Are we not men? We are—well, ask Bigfoot, as Brooks does in this delightful yarn, following on his bestseller World War Z(2006).

A zombie apocalypse is one thing. A volcanic eruption is quite another, for, as the journalist who does a framing voice-over narration for Brooks’ latest puts it, when Mount Rainier popped its cork, “it was the psychological aspect, the hyperbole-fueled hysteria that had ended up killing the most people.” Maybe, but the sasquatches whom the volcano displaced contributed to the statistics, too, if only out of self-defense. Brooks places the epicenter of the Bigfoot war in a high-tech hideaway populated by the kind of people you might find in a Jurassic Park franchise: the schmo who doesn’t know how to do much of anything but tries anyway, the well-intentioned bleeding heart, the know-it-all intellectual who turns out to know the wrong things, the immigrant with a tough backstory and an instinct for survival. Indeed, the novel does double duty as a survival manual, packed full of good advice—for instance, try not to get wounded, for “injury turns you from a giver to a taker.

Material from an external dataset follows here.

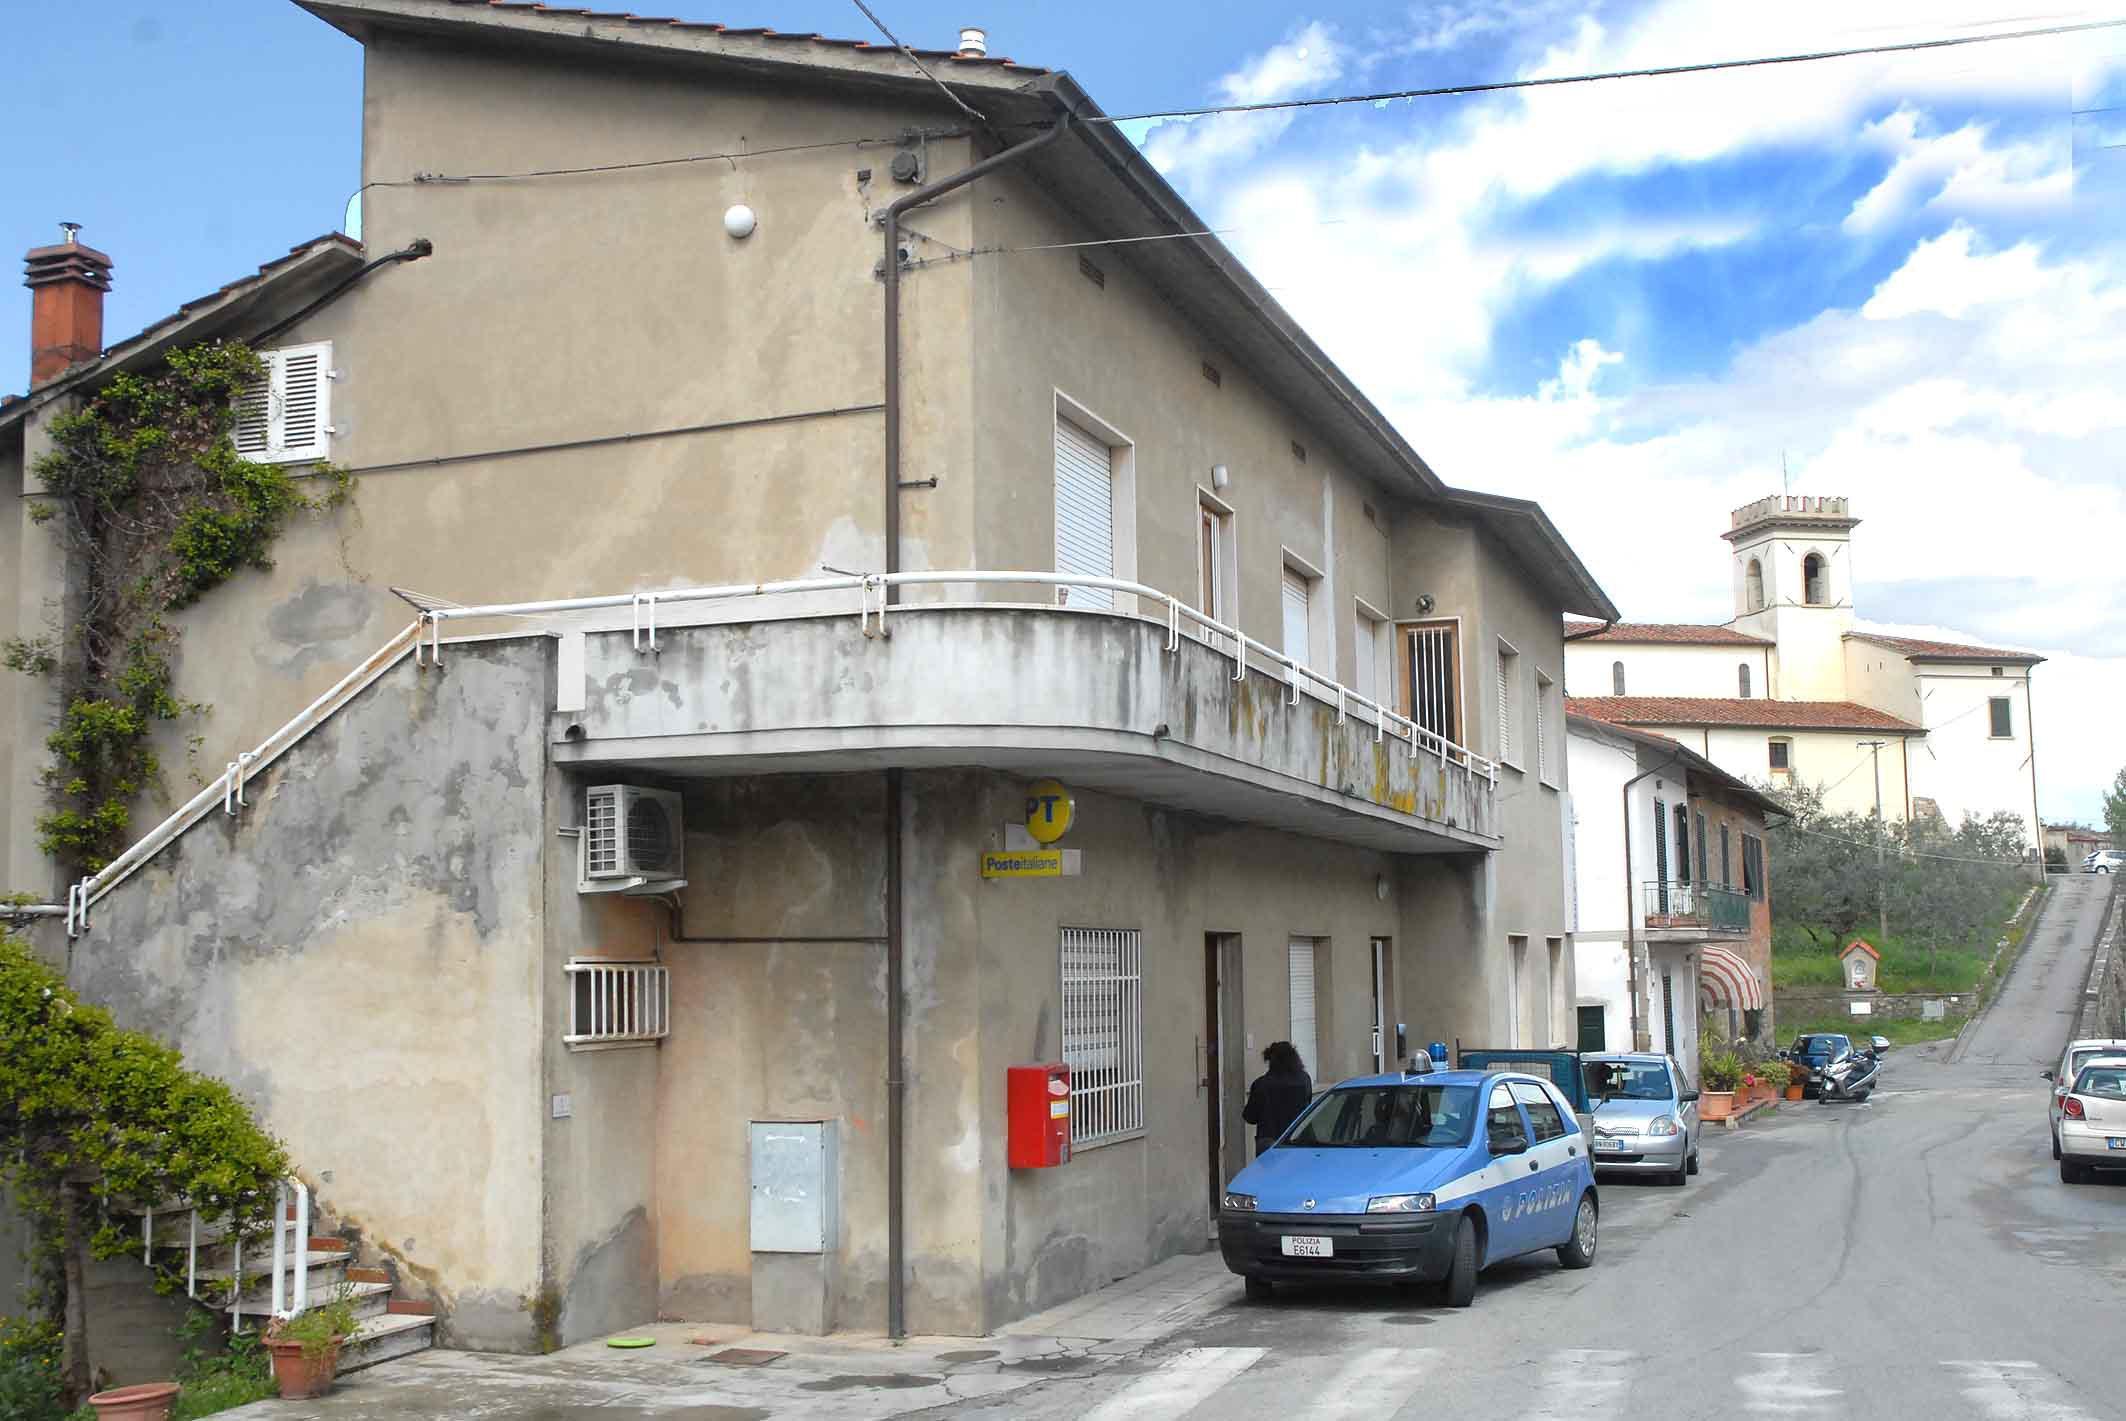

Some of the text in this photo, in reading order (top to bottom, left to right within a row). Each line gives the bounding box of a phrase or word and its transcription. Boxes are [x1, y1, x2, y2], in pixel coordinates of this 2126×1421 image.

Taking up our resources, our time to care for you.” Brooks presents a case for making room for Bigfoot in the world while peppering his narrative with timely social criticism about bad behavior on the human side of the conflict: The explosion of Rainier might have been better forecast had the president not slashed the budget of the U.S. Geological Survey, leading to “immediate suspension of the National Volcano Early Warning System,” and there’s always someone around looking to monetize the natural disaster and the sasquatch-y onslaught that follows. Brooks is a pro at building suspense even if it plays out in some rather spectacularly yucky episodes, one involving a short spear that takes its name from “the sucking sound of pulling it out of the dead man’s heart and lungs.” Grossness aside, it puts you right there on the scene.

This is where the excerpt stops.